Sheriff Williams leaves behind a wife, Joann "Ann" Williams, a daughter, Shanice Williams, two (2) sons, John Williams, Jr., JeMikel Rudolph and two (2) grandchildren, Jayland Williams and Jace Means. Sheriff Williams was laid to rest on December 2, 2019, with his beloved community rallying around him with praise and worship. He was a pillar in the community and the love and support they had for him was moving and touching until they placed him in his final resting place. The entire county paused on December znd, to bid farewell to their beloved Sheriff. Many businesses and all schools were closed so that everyone could attend his funeral and bid their final farewell, love and support to a community leader, who was cherished by all.

Sheriff Williams will always be remembered as a Pillar of the Communityfrom his "bridging the gap" between the citizens and the Lowndes County Sheriffs Office to being a "shoulder to lean on" at any time, day or night. He provided a conduit so that the citizens had a way of expressing themselves and his agency had a way of reaching out to the community to be more than just a law enforcement agency. Sheriff Williams was a true friend to all and while he had the mind of law enforcement, he welcomed everyone with open arms, a smile on his face and was ready to assist in any way he could for all those that he encountered. He often spoke about his community being the "eyes and ears" for their fellow neighbor /friend, which led to solving numerous cases. This alone spoke volumes about his commitment to support his community.

Sheriff Williams personal involvement with the community was hard to detect from work involvement as he was a Sheriff 24 hours a day, 7 days a week. While he rarely veered away from his loyalty to the citizens of Lowndes County, he could be seen attending every athletic event that occurred in his county which attended to the public and private schools. On Wednesday nights, he could be found attending Bible Study at Hayneville Baptist Church. While Hayneville Baptist Church is one of the largest churches in Lowndes County, it has a mixture of all facets of the Community. He was also respected for his service as a Deacon at the Original Shiloh Primitive Baptist Church which ultimately was his final resting place. 

Sheriff Williams was not only a leader in his community but a leader in his household as well. After graduating in 1976, from Calhoun High School, he went on to marry Mrs. Ann in 1987, and was later blessed with two (2) sons. As the good Book teaches us about trials and tribulations, Sheriff Williams remained a man of faith when different aspects were placed in his path.

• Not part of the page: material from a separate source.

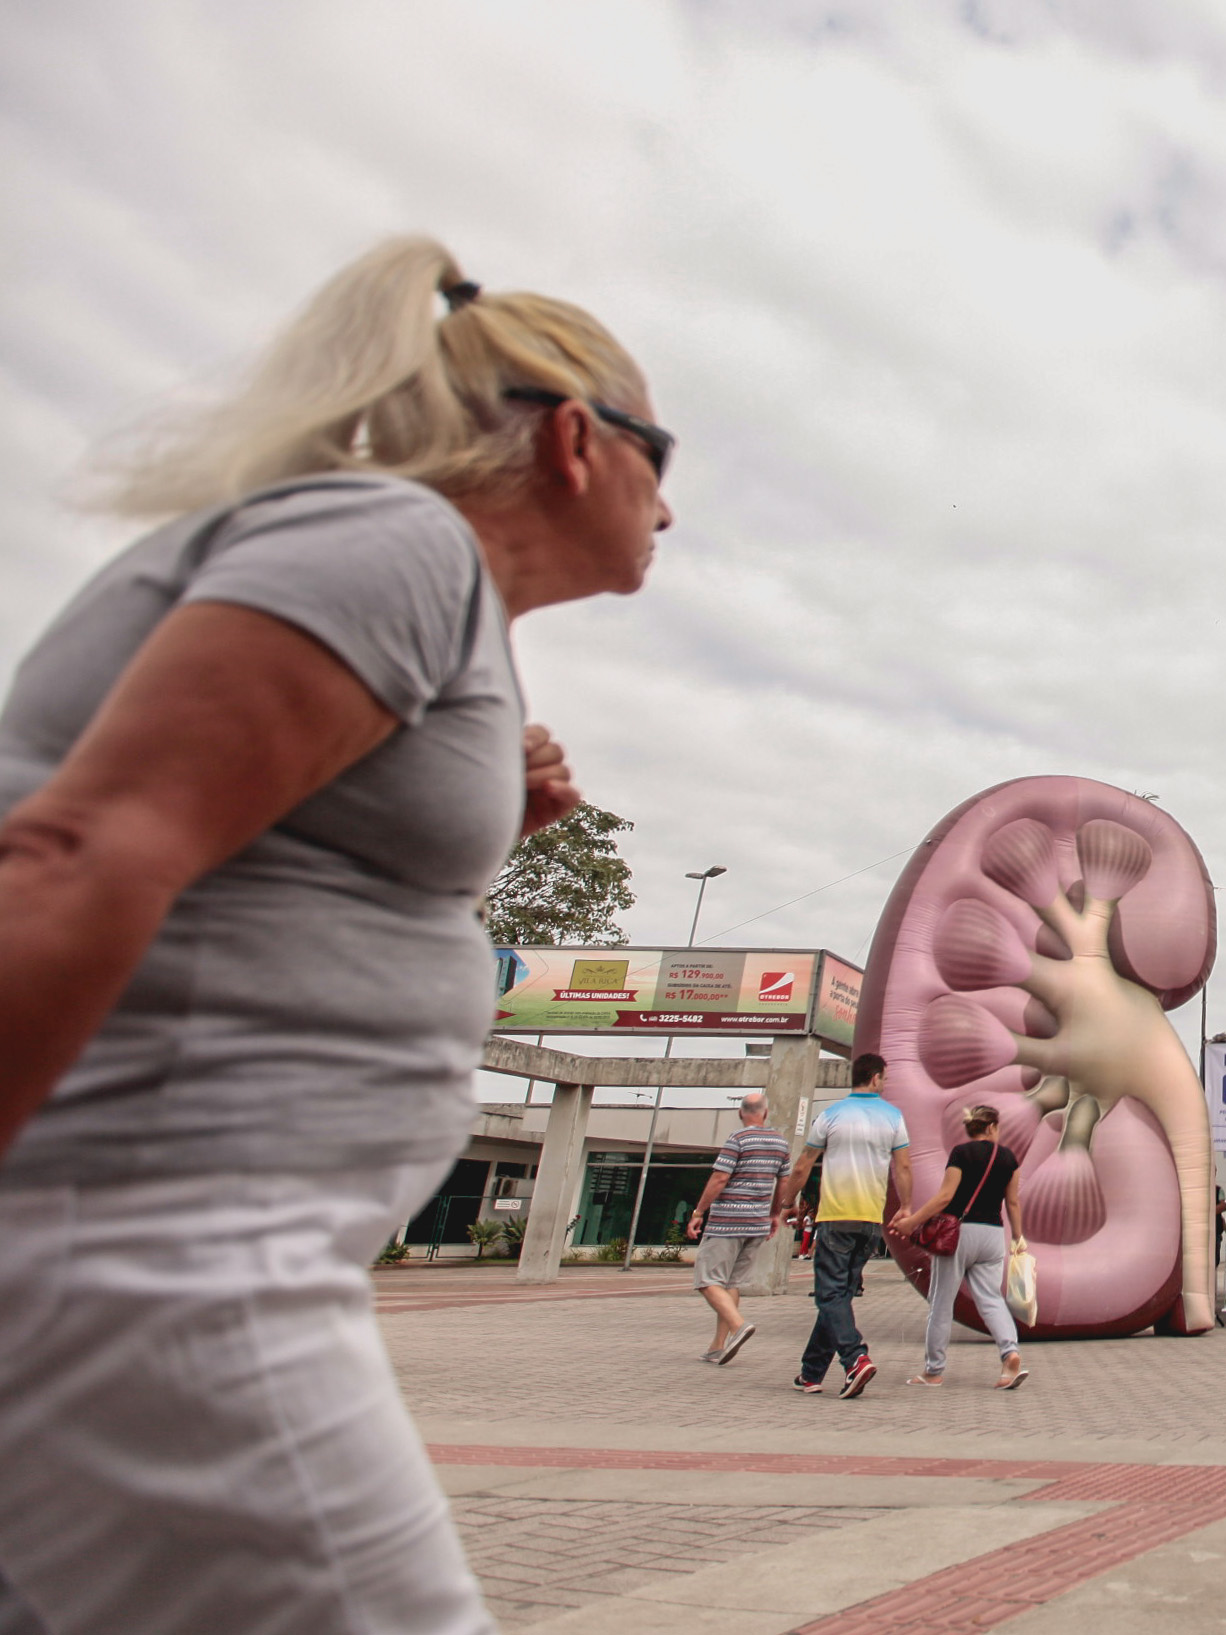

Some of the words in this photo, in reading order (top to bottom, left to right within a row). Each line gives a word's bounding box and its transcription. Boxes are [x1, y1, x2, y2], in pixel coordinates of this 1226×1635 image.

One of his sons, John, Jr., was diagnosed with an illness that affected his kidneys; and without a kidney transplant, his chances of living were minimal without lifelong medical assistance. Sheriff Williams didn't hesitate to begin testing to see if he was a match for his son. He received positive results and was able to donate a kidney to John, Jr., saving his life without hesitating so his kind, giving spirit exceled far beyond just his career. After the kidney transplant, John, Jr., was able to resume living a normal life and blessed Sheriff and Mrs. Ann with their first grandchild. This alone demonstrates the love for his family and that he was willing to sacrifice his own life for his family. Sheriff Williams true testament was tested again when Mrs. Ann was diagnosed with cancer. While she continues to struggle with her treatments, Sheriff Williams was her number one supporter and assisted her with all her doctor's visits up until the very end. I know her family will take over caring for Mrs. Ann; however, there will only be one "Big John".

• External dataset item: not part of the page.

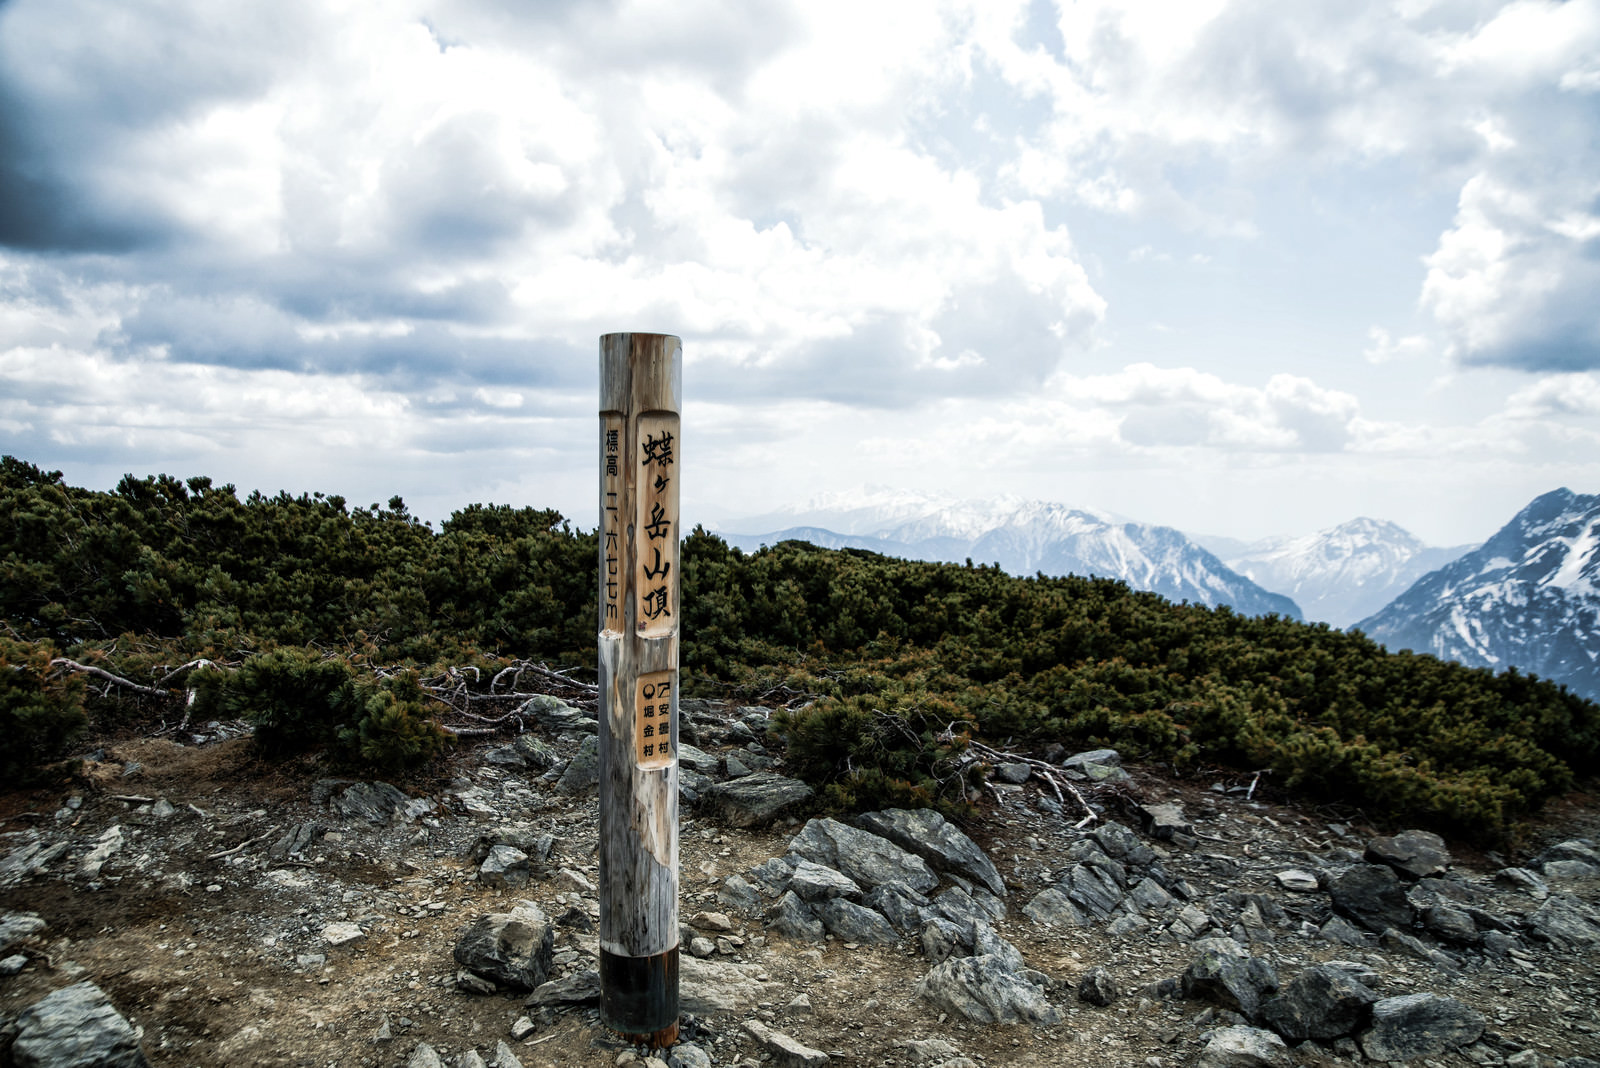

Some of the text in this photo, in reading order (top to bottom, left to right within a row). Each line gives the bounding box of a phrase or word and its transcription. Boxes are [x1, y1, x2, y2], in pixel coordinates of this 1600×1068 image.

[606, 430, 618, 476] 標高
[643, 706, 655, 757] 堀金村

Many people don't think about the administrative side of law enforcement, but it does exist, and Sheriff Williams was a true servant in that capacity as well. He was a dedicated and financial member of the Alabama Sheriffs Association. Additionally, he served on the Executive Board for the Association holding the position as the Sergeant at Arms. He was present at every conference as well as every special call meeting before his dedication called for his nomination to serve on the Executive Board. Furthermore, he dedication extended past the local level and on to the National Sheriffs' Association. His attendance was known at every national winter technology conference in Washington, DC, since 2014, as well as every national summer conference, throughout the United States.

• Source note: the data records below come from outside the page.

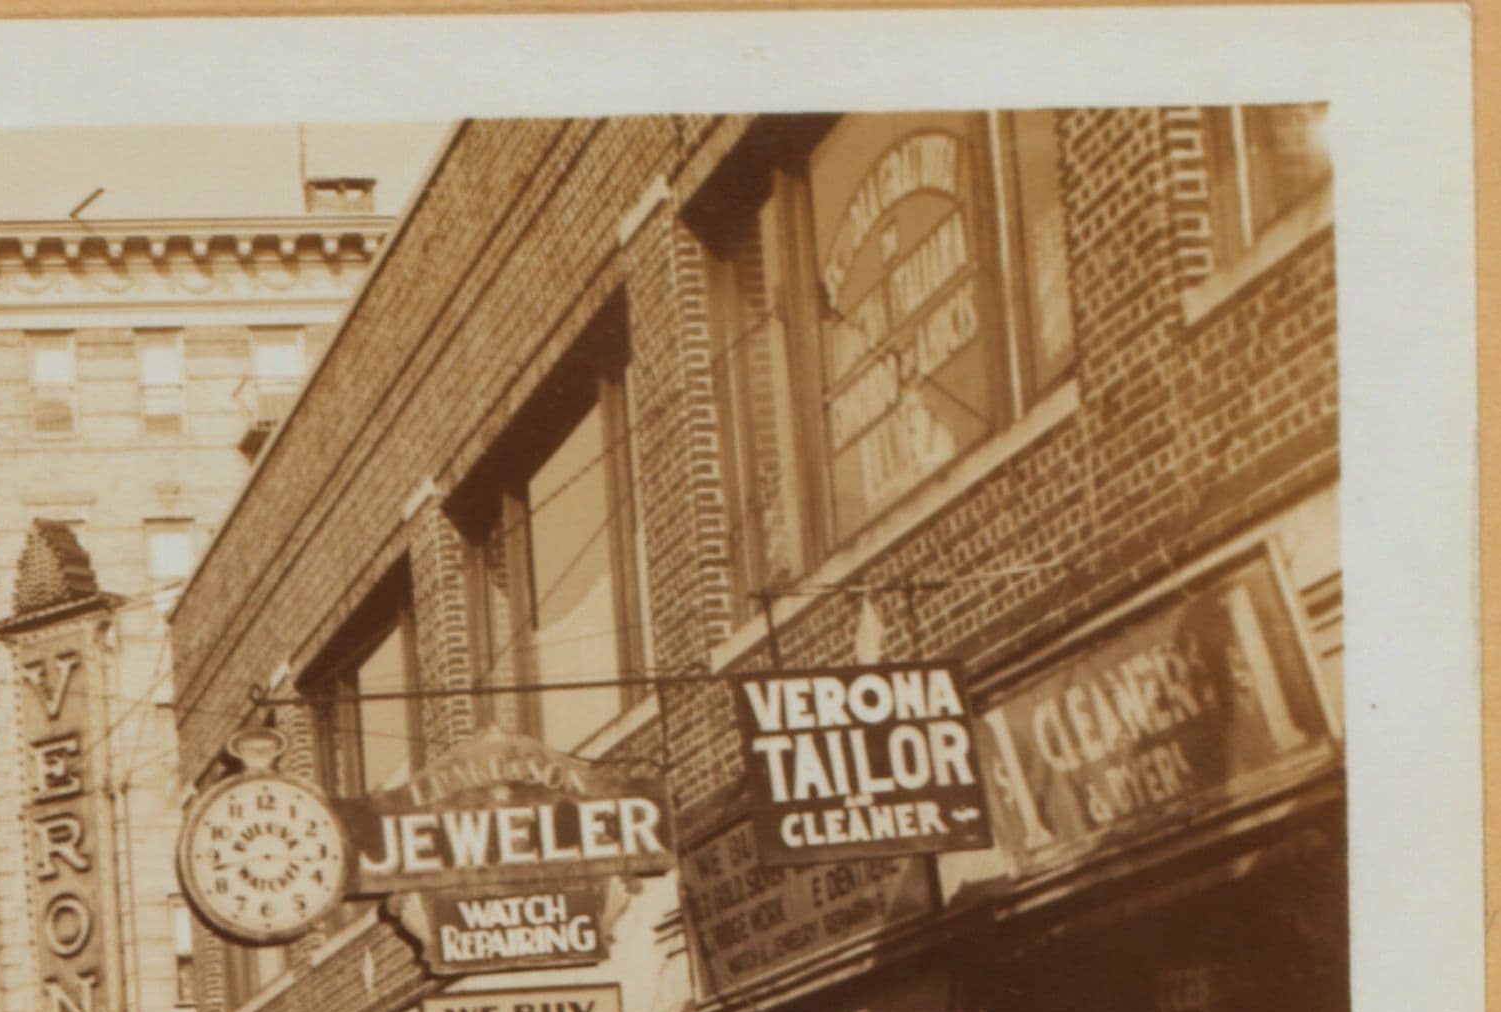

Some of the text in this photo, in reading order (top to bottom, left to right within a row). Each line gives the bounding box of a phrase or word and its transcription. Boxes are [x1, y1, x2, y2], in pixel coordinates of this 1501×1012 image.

[743, 668, 964, 732] VERONA
[751, 719, 977, 803] TAILOR
[229, 803, 243, 819] 11
[256, 794, 276, 811] 12
[289, 804, 297, 820] 1
[305, 820, 318, 839] 2
[359, 797, 668, 874] JEWELER
[780, 801, 950, 848] CLEANER
[456, 894, 569, 929] WATCH
[440, 915, 598, 963] REPAIRING

As you can see, it's hard to put into minimal words, the dedication Sheriff "Big John" Williams put into his community, both personally and professionally. He was the Sheriff (24/7) whereby members of his community could contact him about any issue and know the matter would be resolved. The entire community maintained his personal cellphone number in case they needed him in any capacity; he was always there for everyone! Being in the profession myself, I know firsthand how hard it is to be a peacemaker and/or leader of an agency. You are held to certain standards both personally and professionally and expected to handle any issue. "Big John" was that person that could maintain all statuses within his community with pride and dignity; for this reason, I nominate him for the "Ferris E. Lucas Award Sheriff of the Year". Sheriff Williams has proven on numerous occasions his loyalty and dedication for his community which was carried out until the very end when he gave the ultimate sacrifice, his life. 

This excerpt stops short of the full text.